Господи Боже, кем? Душа ли покинула истерзанное, оскверненное тело — хрупкий, ломкий остов, словно мертвое дерево, которое уже совсем скоро сожгут в печи крематория? Но кто оставил эту гордую, благородную, влюбленную в справедливость душу?
Когда гестапо схватило его, рассказывал мне Франсуа, и когда они поняли, с кем имеют дело, немецкие полицейские обратились к его отцу, верному союзнику, активному коллаборационисту: как им поступить с его сыном? Освободить? Они готовы были сделать исключение. «Пусть с ним обращаются так же, как с остальными, так же, как со всеми врагами, без всякой пощады», — ответил отец, профессор филологии, страстный почитатель античности и французской литературы. «Просто потрясающе, как совершенство прозы притягивает правых!» — усмехнулся Франсуа во время нашего разговора в сортире. Это был тот самый наш единственный бесконечно долгий разговор.
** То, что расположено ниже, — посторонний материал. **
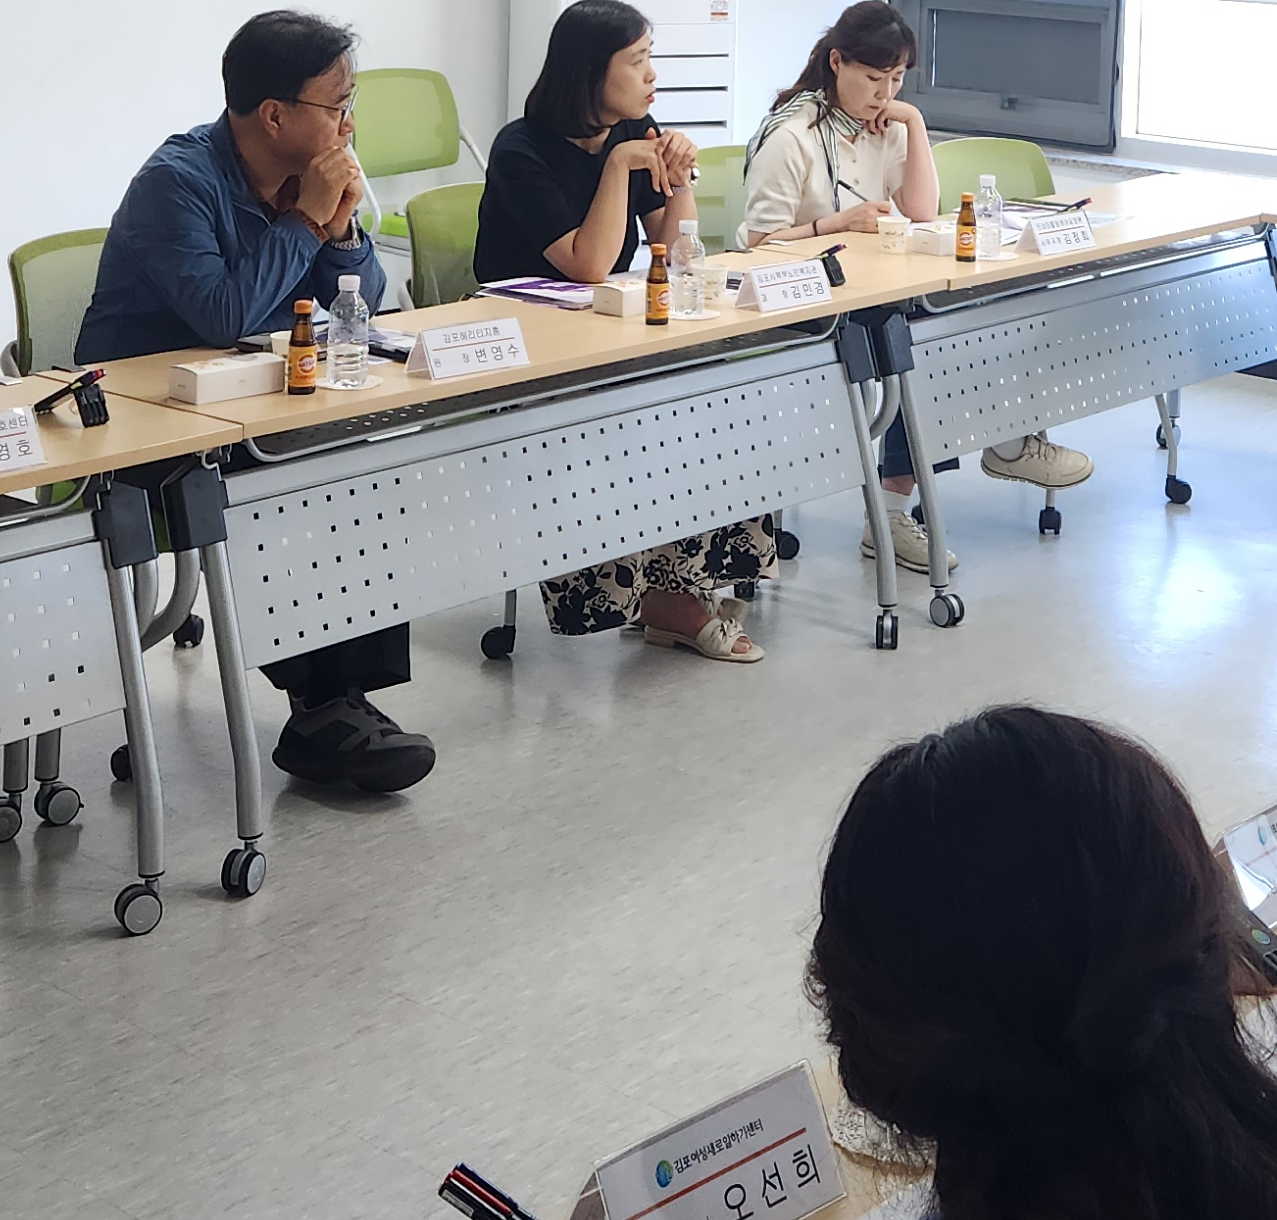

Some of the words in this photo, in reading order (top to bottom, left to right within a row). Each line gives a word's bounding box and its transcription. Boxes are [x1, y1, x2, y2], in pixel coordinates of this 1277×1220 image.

[474, 343, 520, 364] 변영수
[673, 1118, 764, 1174] 김포여성새로일하기센터
[723, 1143, 821, 1220] 오선희
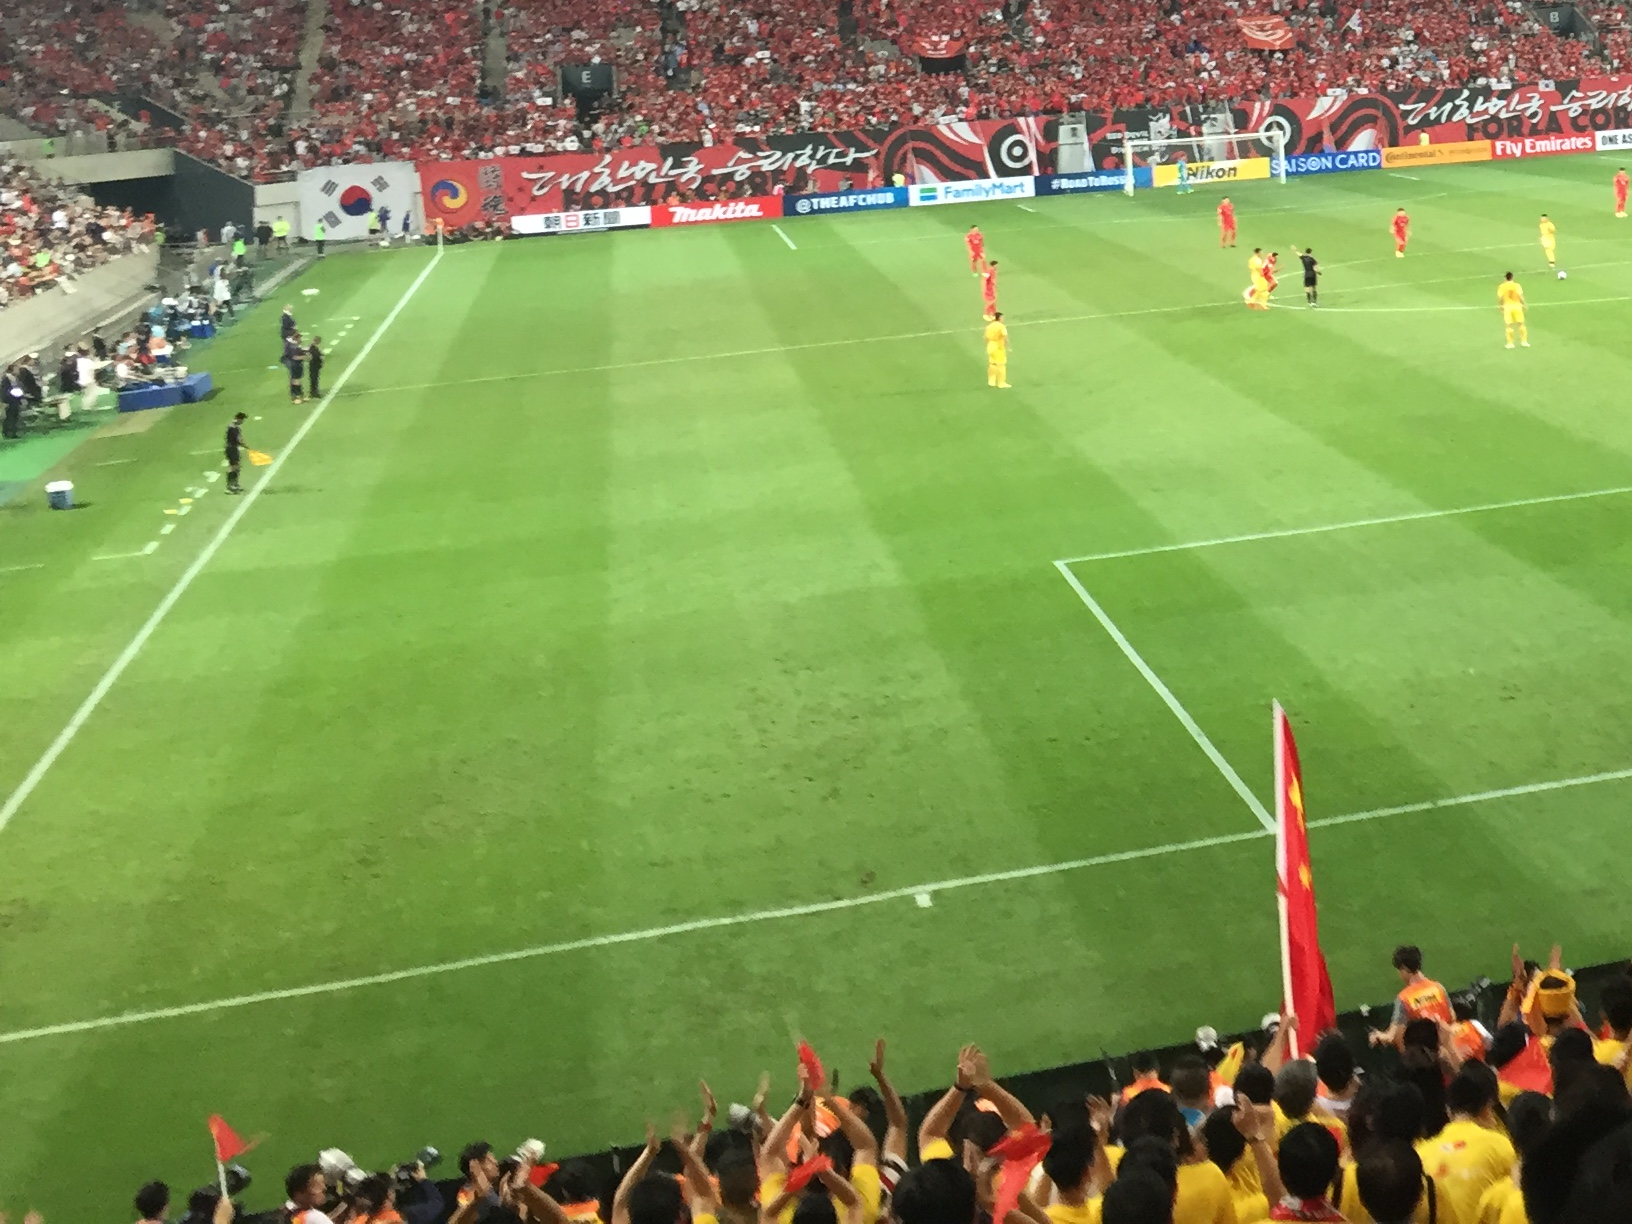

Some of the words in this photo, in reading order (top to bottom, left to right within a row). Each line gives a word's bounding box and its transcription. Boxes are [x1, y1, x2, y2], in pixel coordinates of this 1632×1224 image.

[581, 71, 592, 83] E
[1494, 140, 1523, 157] Fly
[1524, 136, 1593, 153] Emirates
[1601, 134, 1619, 146] ONE
[1271, 155, 1333, 174] SAISON
[1335, 151, 1380, 169] CARD
[1187, 164, 1237, 180] Nikon
[944, 182, 1025, 199] FamilyMart
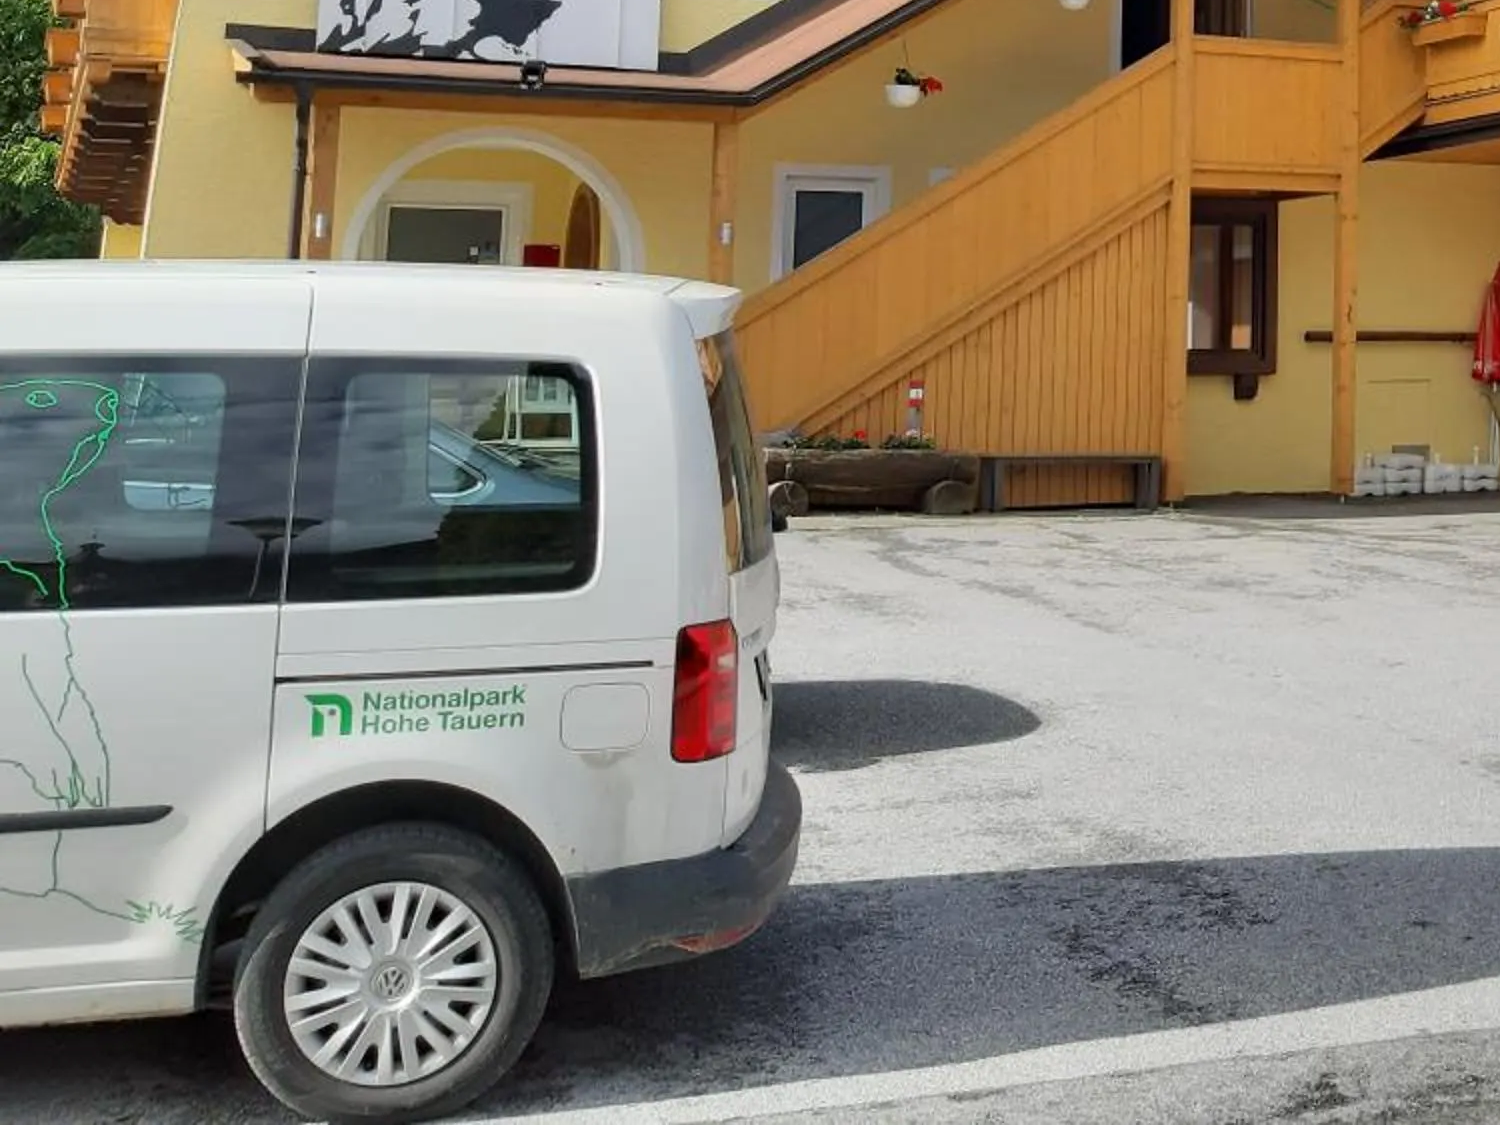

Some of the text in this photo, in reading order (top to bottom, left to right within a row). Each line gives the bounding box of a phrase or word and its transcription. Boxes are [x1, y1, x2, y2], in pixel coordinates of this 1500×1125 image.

[362, 684, 526, 711] Nationalpark
[361, 711, 524, 735] Hohe Tauern
В тот день он рассказывал мне о Жаке Шардонне, в частности о его участии два года назад в конференции писателей под руководством Йозефа Геббельса в Веймаре. «Ты не читал текстов Шардонна в „Нувель ревю франсэз“?» — спросил меня Франсуа.
Нет, не читал, во всяком случае, не запомнил.
Отец Франсуа был сторонником Мораса, просвещенным антисемитом — я имею в виду, что в его случае уместнее отсылки к Вольтеру, чем к Селину, — он обличал «злокозненность евреев, безродных по природе своей», «неспособных к патриотизму и поклоняющихся лишь Золотому тельцу» (это были стандартные формулировки). После поражения 1940 года он примкнул к нацистам, его активность подпитывалась разрухой и антибуржуазным нигилизмом.